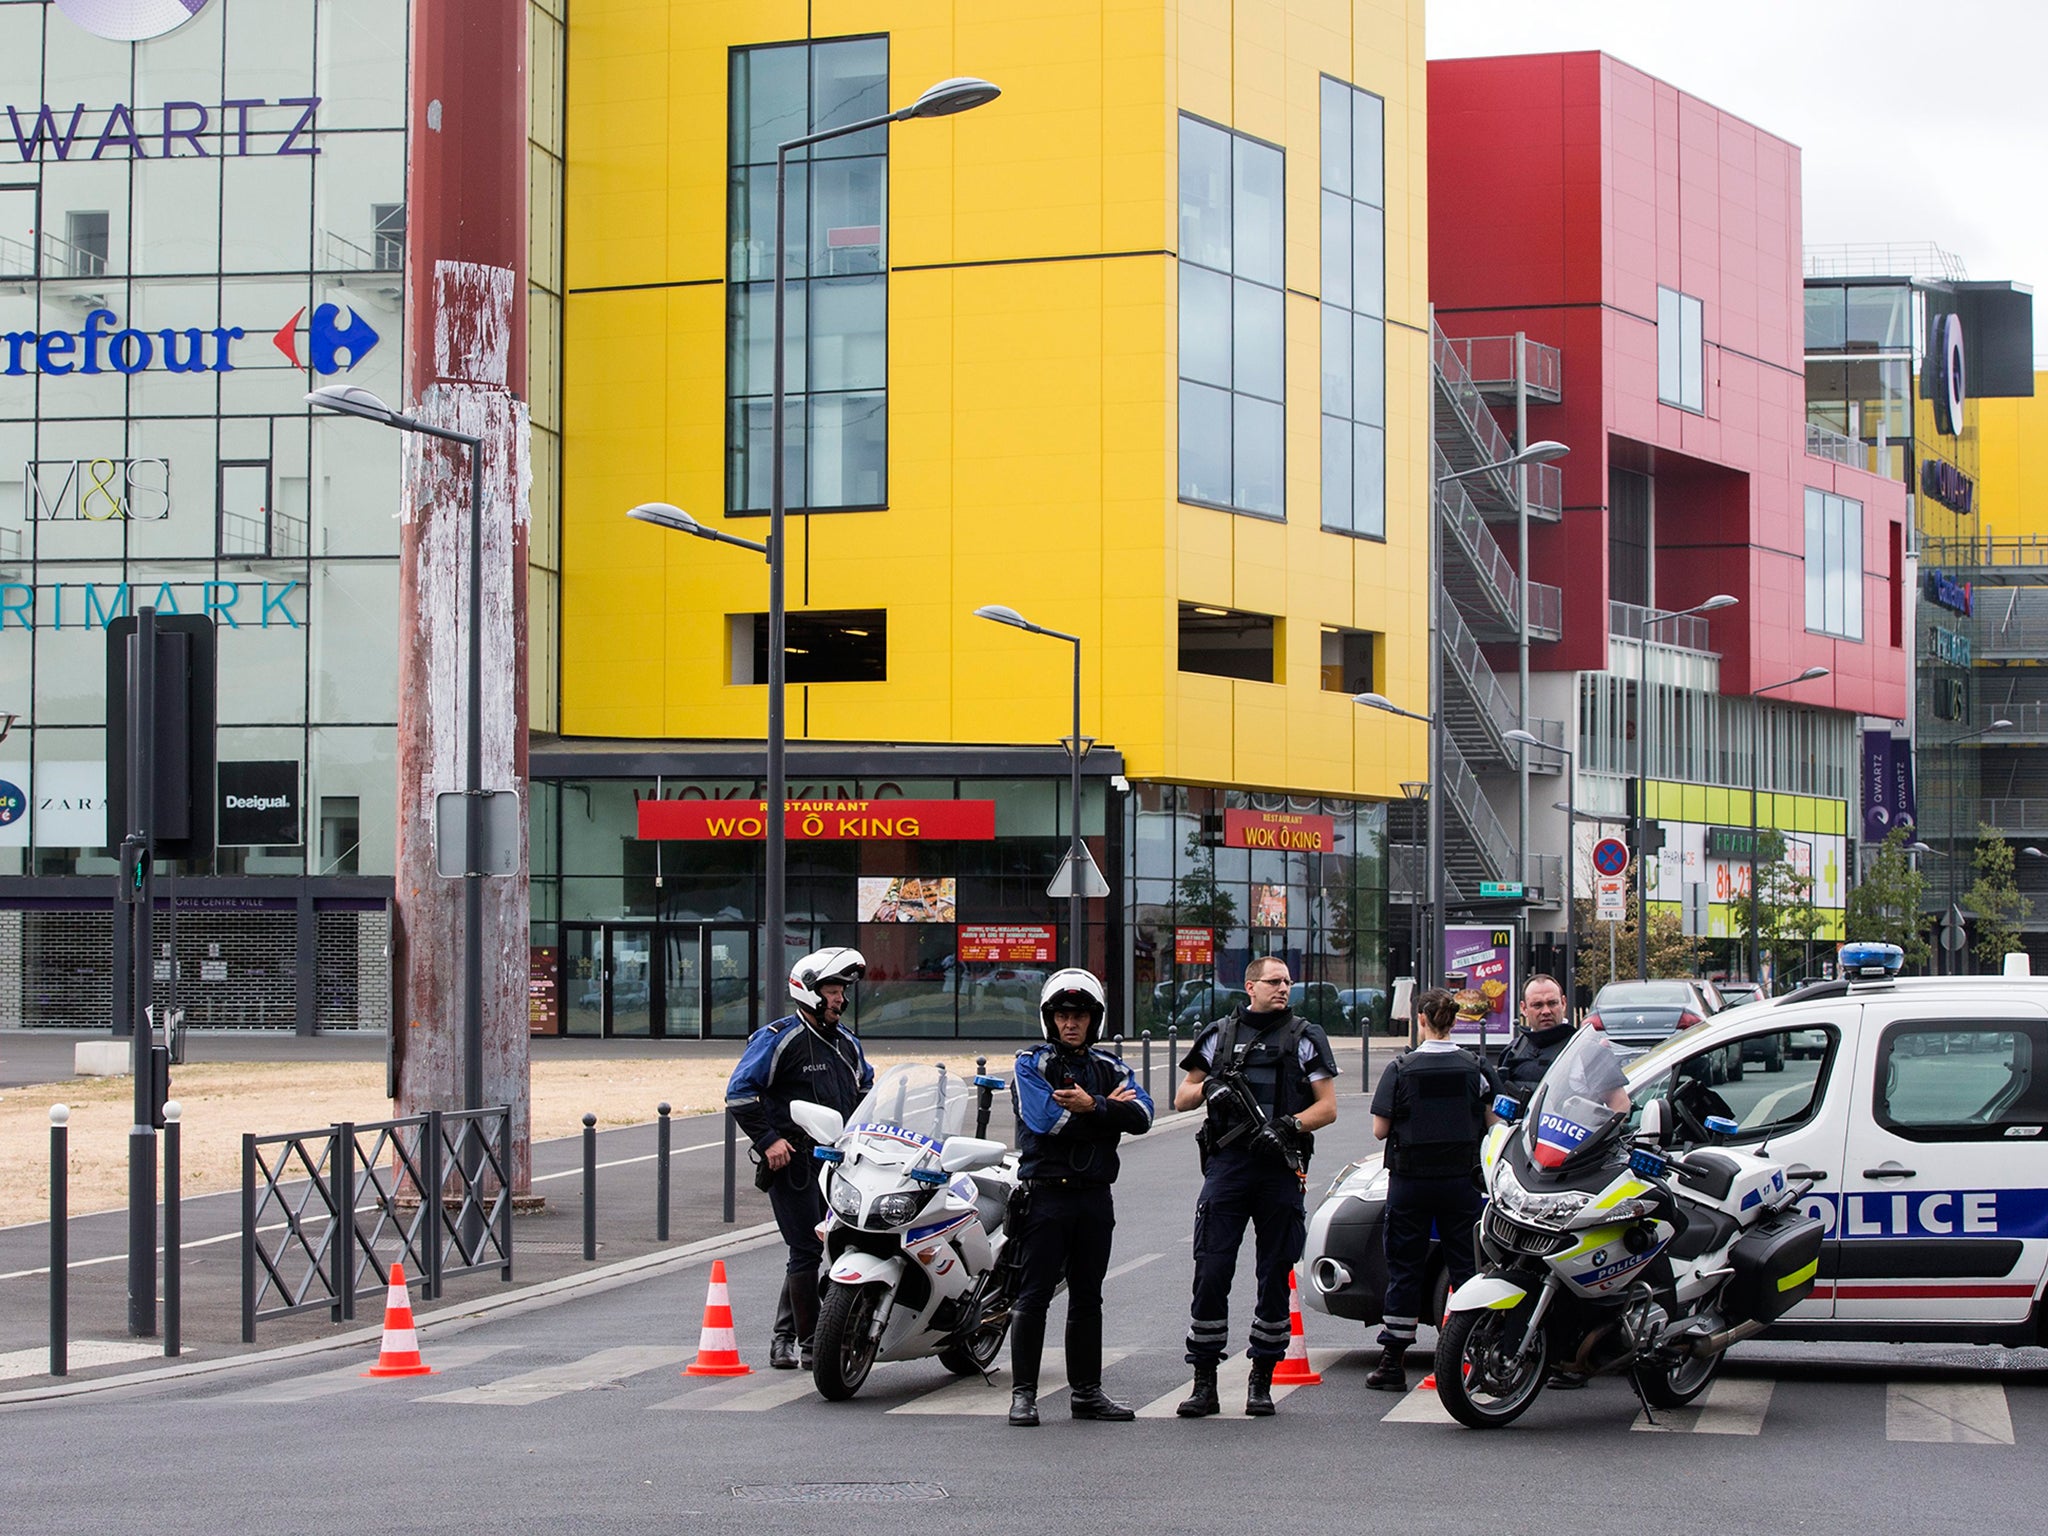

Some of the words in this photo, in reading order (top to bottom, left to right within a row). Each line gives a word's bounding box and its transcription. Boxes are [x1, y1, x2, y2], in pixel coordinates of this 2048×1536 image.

[7, 97, 322, 162] WARTZ
[0, 309, 245, 376] refour
[24, 458, 170, 520] M&S
[0, 580, 300, 631] RIMARK
[1873, 754, 1883, 803] QWARTZ
[1897, 762, 1907, 810] QWARTZ
[760, 802, 869, 812] RSTAURANT
[1262, 813, 1304, 825] RESTAURANT
[706, 817, 769, 837] WO
[801, 812, 825, 837] Ô
[839, 817, 920, 837] KING
[1244, 826, 1276, 847] WOK
[1280, 825, 1290, 848] Ô
[1291, 831, 1322, 849] KING
[176, 898, 199, 906] ORTE
[201, 898, 237, 907] CENTRE
[239, 898, 264, 907] VILLE
[802, 1063, 827, 1073] POLICE
[865, 1123, 924, 1142] POLICE
[1540, 1114, 1586, 1142] POLICE
[1791, 1193, 1998, 1235] OLICE
[1598, 1255, 1643, 1279] POLICE
━━━━━━
* _Problem description_
Your output should be the records above, duplicated exactly and picture-free.

* _Task output_
Some of the words in this photo, in reading order (top to bottom, left to right within a row). Each line gives a word's bounding box and its transcription. Boxes are [x1, y1, x2, y2], in pixel coordinates of this 2048×1536 image.

[7, 97, 322, 162] WARTZ
[0, 309, 245, 376] refour
[24, 458, 170, 520] M&S
[0, 580, 300, 631] RIMARK
[1873, 754, 1883, 803] QWARTZ
[1897, 762, 1907, 810] QWARTZ
[760, 802, 869, 812] RSTAURANT
[1262, 813, 1304, 825] RESTAURANT
[706, 817, 769, 837] WO
[801, 812, 825, 837] Ô
[839, 817, 920, 837] KING
[1244, 826, 1276, 847] WOK
[1280, 825, 1290, 848] Ô
[1291, 831, 1322, 849] KING
[176, 898, 199, 906] ORTE
[201, 898, 237, 907] CENTRE
[239, 898, 264, 907] VILLE
[802, 1063, 827, 1073] POLICE
[865, 1123, 924, 1142] POLICE
[1540, 1114, 1586, 1142] POLICE
[1791, 1193, 1998, 1235] OLICE
[1598, 1255, 1643, 1279] POLICE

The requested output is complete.